• **DATA FOR THIS EXERCISE**
* * * * * * *

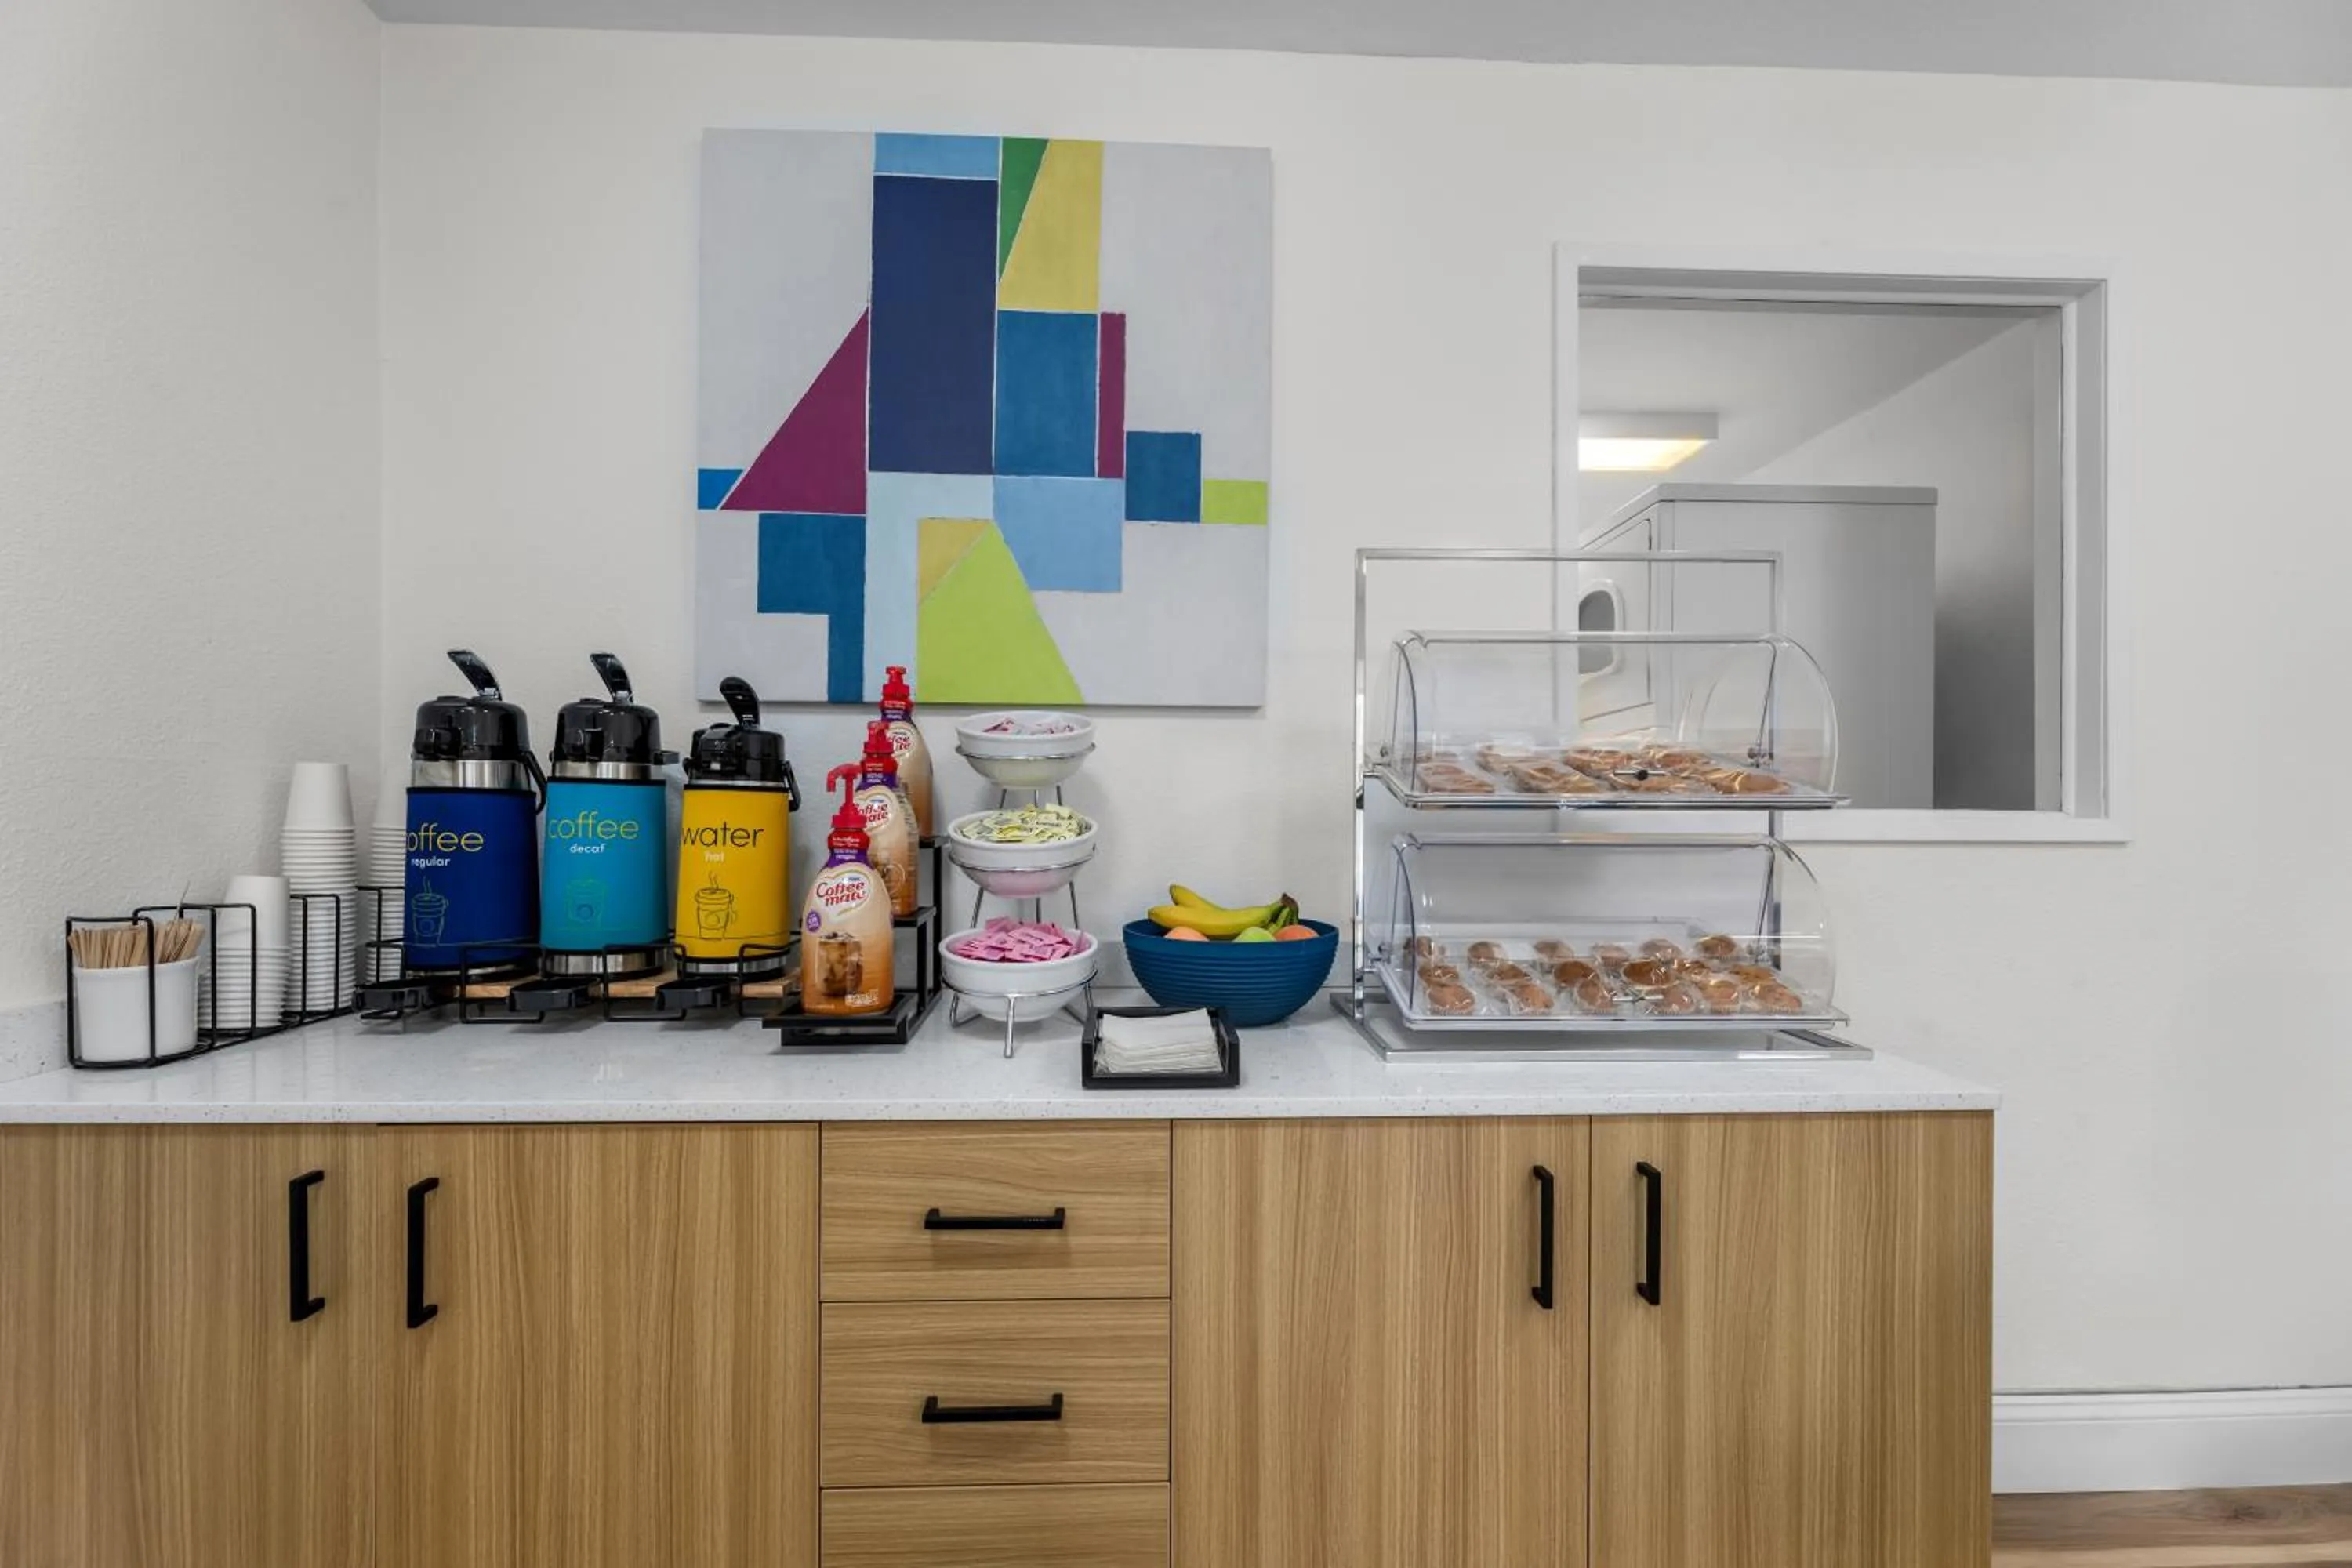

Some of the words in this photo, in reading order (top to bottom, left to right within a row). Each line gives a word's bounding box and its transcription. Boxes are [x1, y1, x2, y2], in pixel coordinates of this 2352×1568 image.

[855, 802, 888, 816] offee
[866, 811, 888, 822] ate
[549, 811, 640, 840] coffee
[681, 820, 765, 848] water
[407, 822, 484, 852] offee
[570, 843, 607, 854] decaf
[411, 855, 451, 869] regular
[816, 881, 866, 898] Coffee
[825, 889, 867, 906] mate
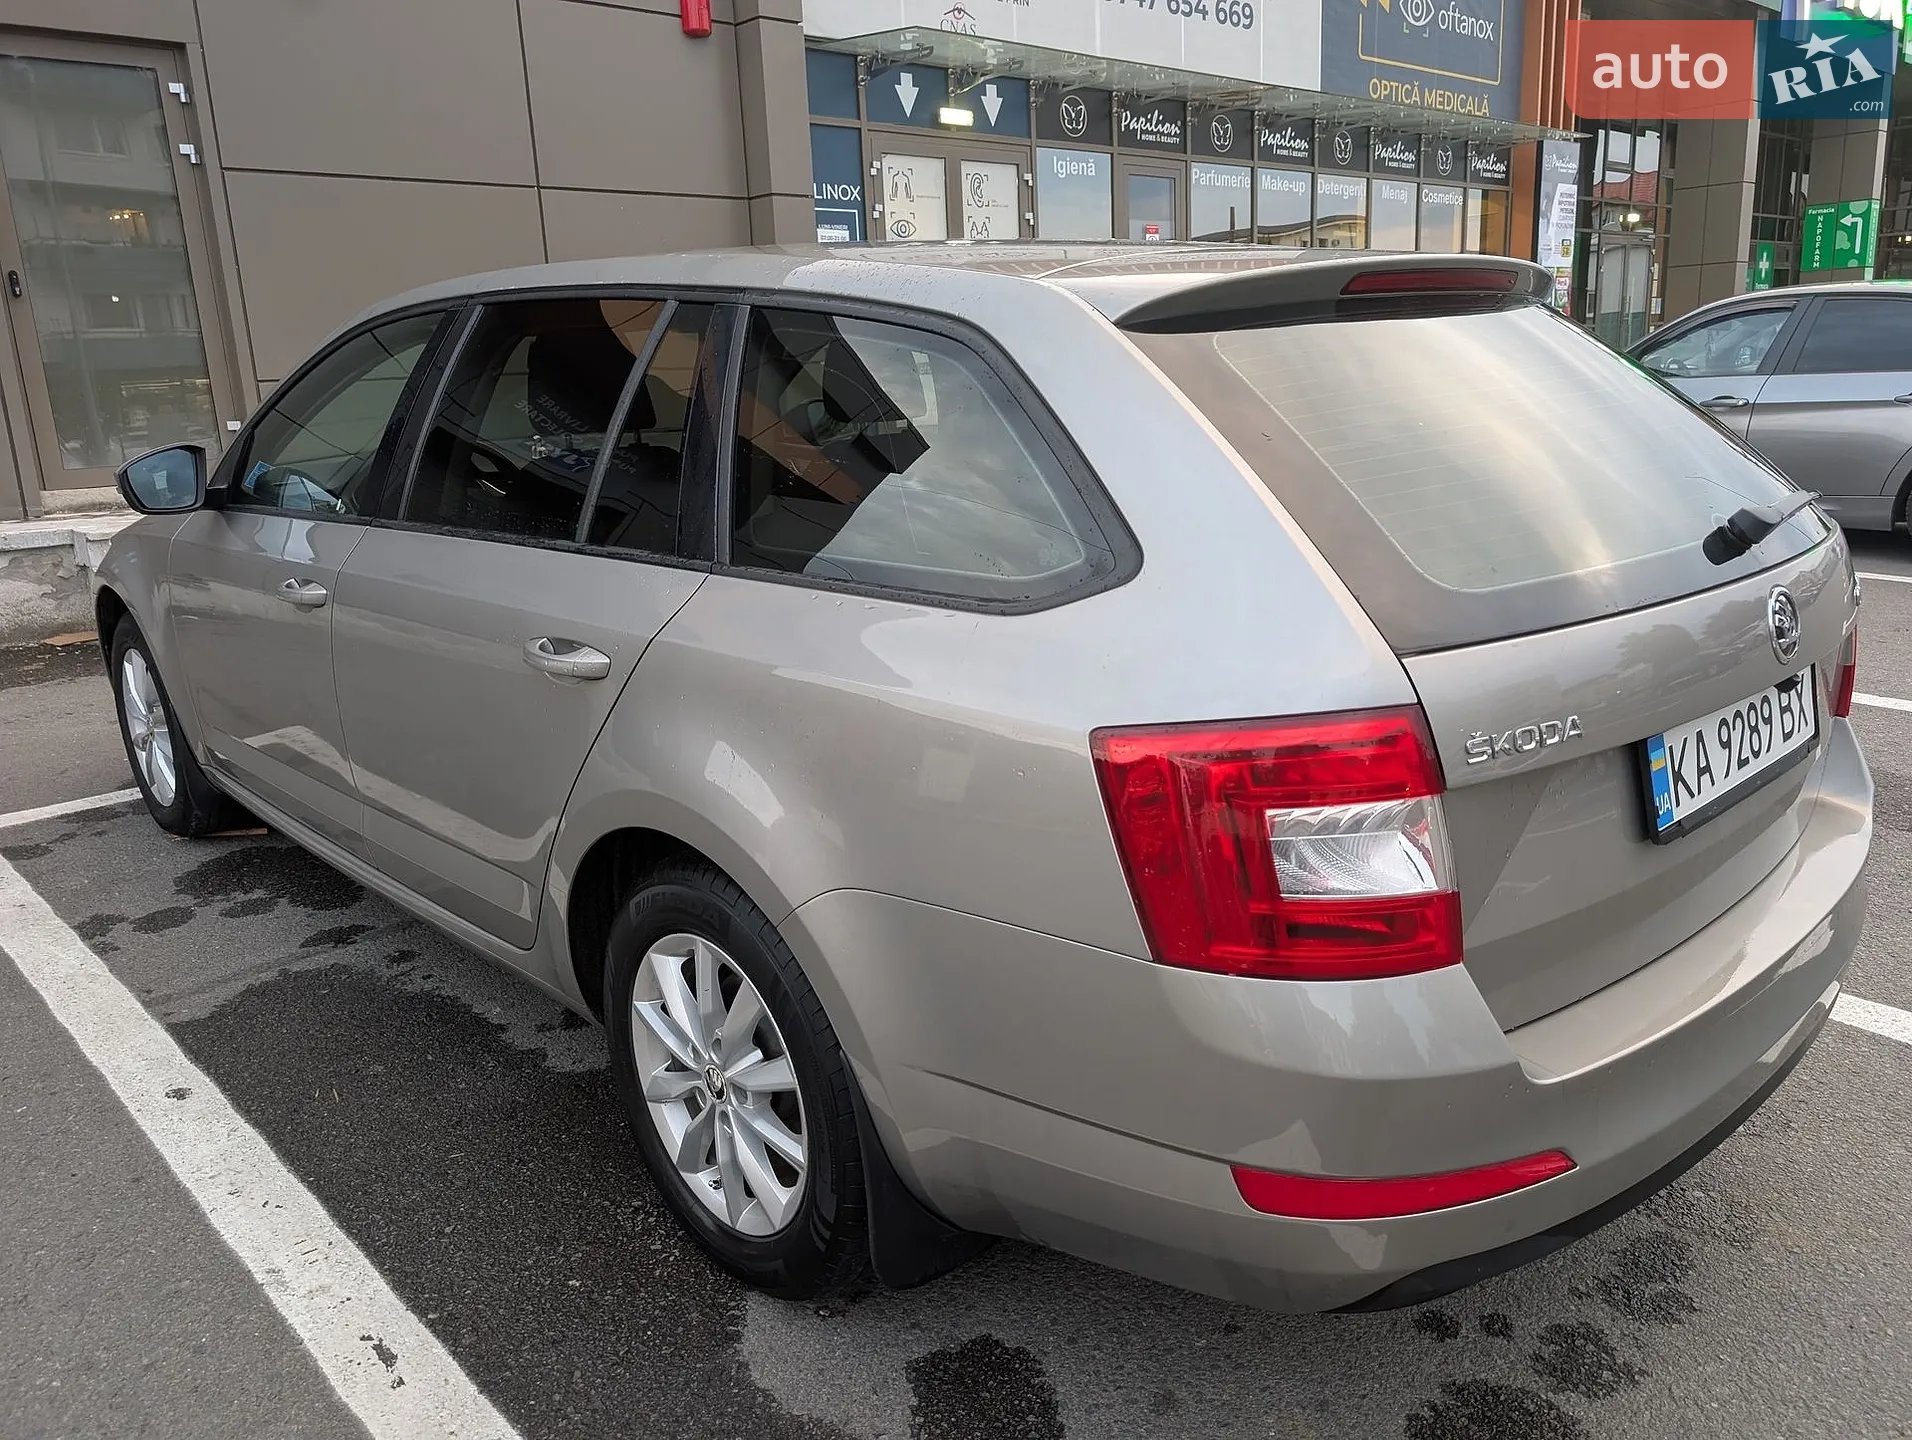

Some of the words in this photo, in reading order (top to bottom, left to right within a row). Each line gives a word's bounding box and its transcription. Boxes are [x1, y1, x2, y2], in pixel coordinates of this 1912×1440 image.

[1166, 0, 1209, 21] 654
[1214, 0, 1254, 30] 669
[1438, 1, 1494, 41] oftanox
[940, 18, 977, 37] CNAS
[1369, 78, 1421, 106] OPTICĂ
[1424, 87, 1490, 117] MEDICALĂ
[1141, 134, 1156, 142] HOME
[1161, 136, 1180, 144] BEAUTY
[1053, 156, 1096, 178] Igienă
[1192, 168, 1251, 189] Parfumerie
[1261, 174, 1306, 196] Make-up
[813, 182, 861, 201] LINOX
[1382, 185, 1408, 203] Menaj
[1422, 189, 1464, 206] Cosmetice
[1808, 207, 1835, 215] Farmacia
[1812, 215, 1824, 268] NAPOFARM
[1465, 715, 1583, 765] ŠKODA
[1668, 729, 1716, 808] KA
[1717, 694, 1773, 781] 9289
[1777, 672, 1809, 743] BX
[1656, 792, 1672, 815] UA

* * * * * * *

• **EXERCISE DESCRIPTION**
Take the line that holds "this 1912×1440 image." as the first and the last line of the material as the final one. Print that span exactly, both ends included.

• **RESPONSE**
Some of the words in this photo, in reading order (top to bottom, left to right within a row). Each line gives a word's bounding box and its transcription. Boxes are [x1, y1, x2, y2], in pixel coordinates of this 1912×1440 image.

[1166, 0, 1209, 21] 654
[1214, 0, 1254, 30] 669
[1438, 1, 1494, 41] oftanox
[940, 18, 977, 37] CNAS
[1369, 78, 1421, 106] OPTICĂ
[1424, 87, 1490, 117] MEDICALĂ
[1141, 134, 1156, 142] HOME
[1161, 136, 1180, 144] BEAUTY
[1053, 156, 1096, 178] Igienă
[1192, 168, 1251, 189] Parfumerie
[1261, 174, 1306, 196] Make-up
[813, 182, 861, 201] LINOX
[1382, 185, 1408, 203] Menaj
[1422, 189, 1464, 206] Cosmetice
[1808, 207, 1835, 215] Farmacia
[1812, 215, 1824, 268] NAPOFARM
[1465, 715, 1583, 765] ŠKODA
[1668, 729, 1716, 808] KA
[1717, 694, 1773, 781] 9289
[1777, 672, 1809, 743] BX
[1656, 792, 1672, 815] UA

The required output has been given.